Last week, I looked up from the TV one afternoon and beheld on the wall a centipede. In a rush I crushed it with one of my notebooks. The body flew off, probably into one of my shoes. I joke ...

Yesterday, while at this very computer, I beheld out the corner of my eye (or as Clyde Frazier deems it, my "peripherial vision") something scurrying from my shoes (on my left) away from me to my foyer, where my sweaters are. Hello, next chilly night.

And then today, I got up and went to the room that holds the toilet. In my shower stall, stumbling on the far wall, was a centipede. In the tile-lined shower stall. How the eff did that thing get in there? I turned on the hot water and pointed the steaming hot shower nozzle at the critter; it fought a good fight, such that I should have acknowledged its strength and simply captured it and set it free outdoors to be eaten by feral cats, but my blood lust knows no bounds when it comes to protecting my face while asleep. The hot stream finally subdid it, I gathered its remains, and threw bleach all over the shower stall.

Wednesday, May 10, 2006

Blaine Game

I do need to post a quick thing about David Blaine -- I watched, I admit it, but only the live segments. My magic trick is using the remote (see previous entry) to only hit the high spots. (I missed his usual taped "on the streets" magic scenes, except one, which involved him tying his shoes by shaking his foot left and right and then getting a class of seven-year-olds to do the same, which was pretty neat.)

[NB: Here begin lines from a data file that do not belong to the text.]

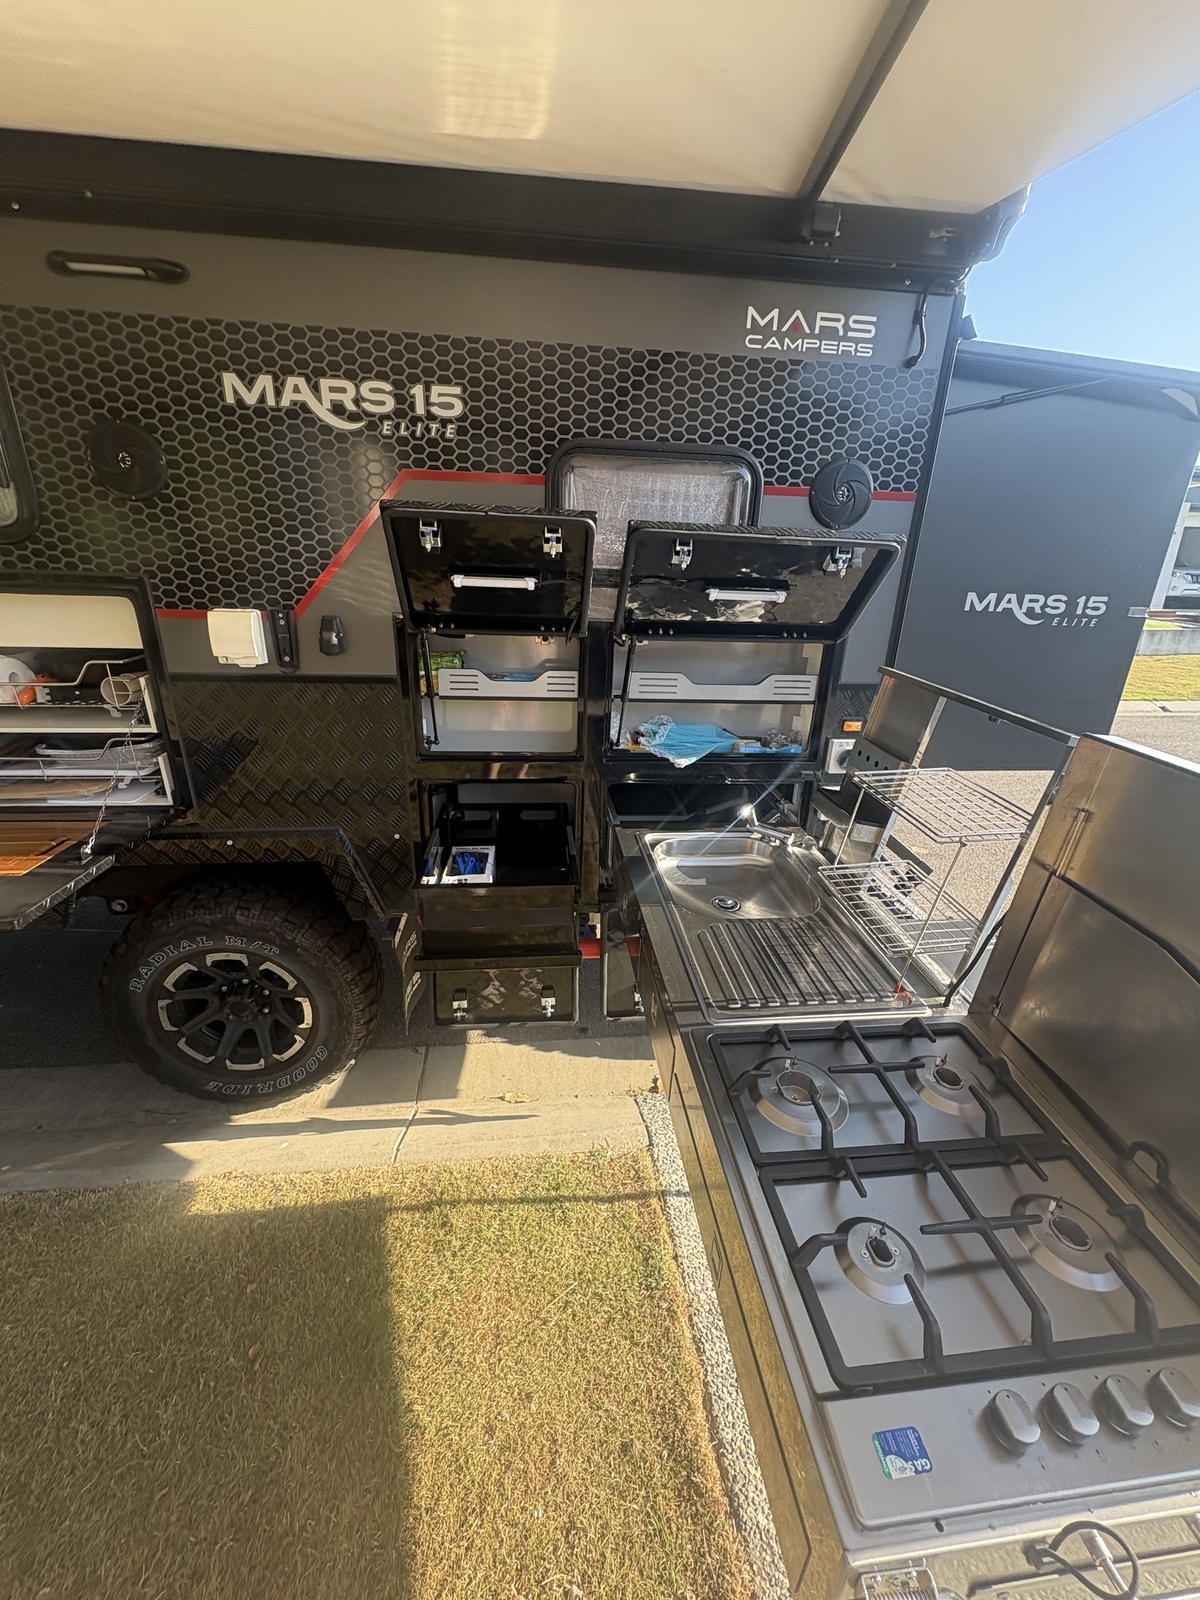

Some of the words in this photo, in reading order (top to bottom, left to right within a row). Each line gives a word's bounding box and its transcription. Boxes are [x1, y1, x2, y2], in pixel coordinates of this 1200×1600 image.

[745, 305, 878, 339] MARS
[745, 334, 874, 357] CAMPERS
[222, 372, 396, 430] MARS
[410, 384, 464, 418] 15
[382, 420, 456, 438] ELITE
[963, 591, 1068, 625] MARS
[1075, 595, 1109, 616] 15
[1051, 617, 1098, 627] ELITE
[129, 936, 213, 992] RADIAL
[225, 935, 280, 956] M/T
[204, 1046, 328, 1095] GOODRIDE
[907, 1458, 931, 1473] GAS

The complaints today in the MSM were that he choked. Well, yes, he did, literally. But I agree with Tony Kornheiser that holding one's breath underwater for seven minutes (out of nine, a record which by all accounts was an anomaly) is "fabulous." I can barely do five-ish with a pillow on my face while depressed.

So David Blaine, even though you will never see this blog except IN YOUR MIND ... next time, don't live in a liquid bubble for a week (at Lincoln Center!) on a fluid diet if you intend to keep up your lung strength, and don't give interviews while you're doing it.

Trying Again

I am trying to sell myself as a writer but for some reason for the last six (?) years I have been afraid of writing. I let the TV push stuff into my head but I edit the TV with the remote control: CNN, MSNBC, what's Bill O'Reilly pushing on FNC, Yankees, Mets, now the NBA playoffs, and back around. So I'm still writing, with the remote, but really not. It's the epitome of ephemeral ... and usually I do it increasingly inebriated, which is thus even more ephemeral.

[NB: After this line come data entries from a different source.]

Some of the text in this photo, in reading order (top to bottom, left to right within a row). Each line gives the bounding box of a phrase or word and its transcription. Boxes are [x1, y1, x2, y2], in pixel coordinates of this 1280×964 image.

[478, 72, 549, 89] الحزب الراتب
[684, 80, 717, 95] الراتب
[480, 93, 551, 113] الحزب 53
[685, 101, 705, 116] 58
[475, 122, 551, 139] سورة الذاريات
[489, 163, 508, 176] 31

Maybe it's discipline, maybe ... ok, a skunk just let off outside my room.

So still I live with my writer brain and I use the phone as a blog, lately, my mom has been my best audience, and via IM'ing, my friend JB -- in today's high-paced world of today, the blog has replaced the phone. IM'ing has replaced writing.

None of this makes sense -- as a columnist I was famous for writing at the last moment.
I was always trying to find the perfect lead ... I haven't heard that lead, or listened for it, in six years. So we won't abuse the muse ... everything I thought I was going to type into here the last week struck me as lead-less and uninteresting. A phone anecdote. So now I'm writing around it all ... but I'm writing.

Monday, May 01, 2006

First entry: very late, after 1:00 a.m. I'm setting this up so that I have a reason to get up in the morning. I'm a former newspaper columnist, won the New York Press Association "Best Humor Columnist" award. This online diary is going to be fun. Happy May Day!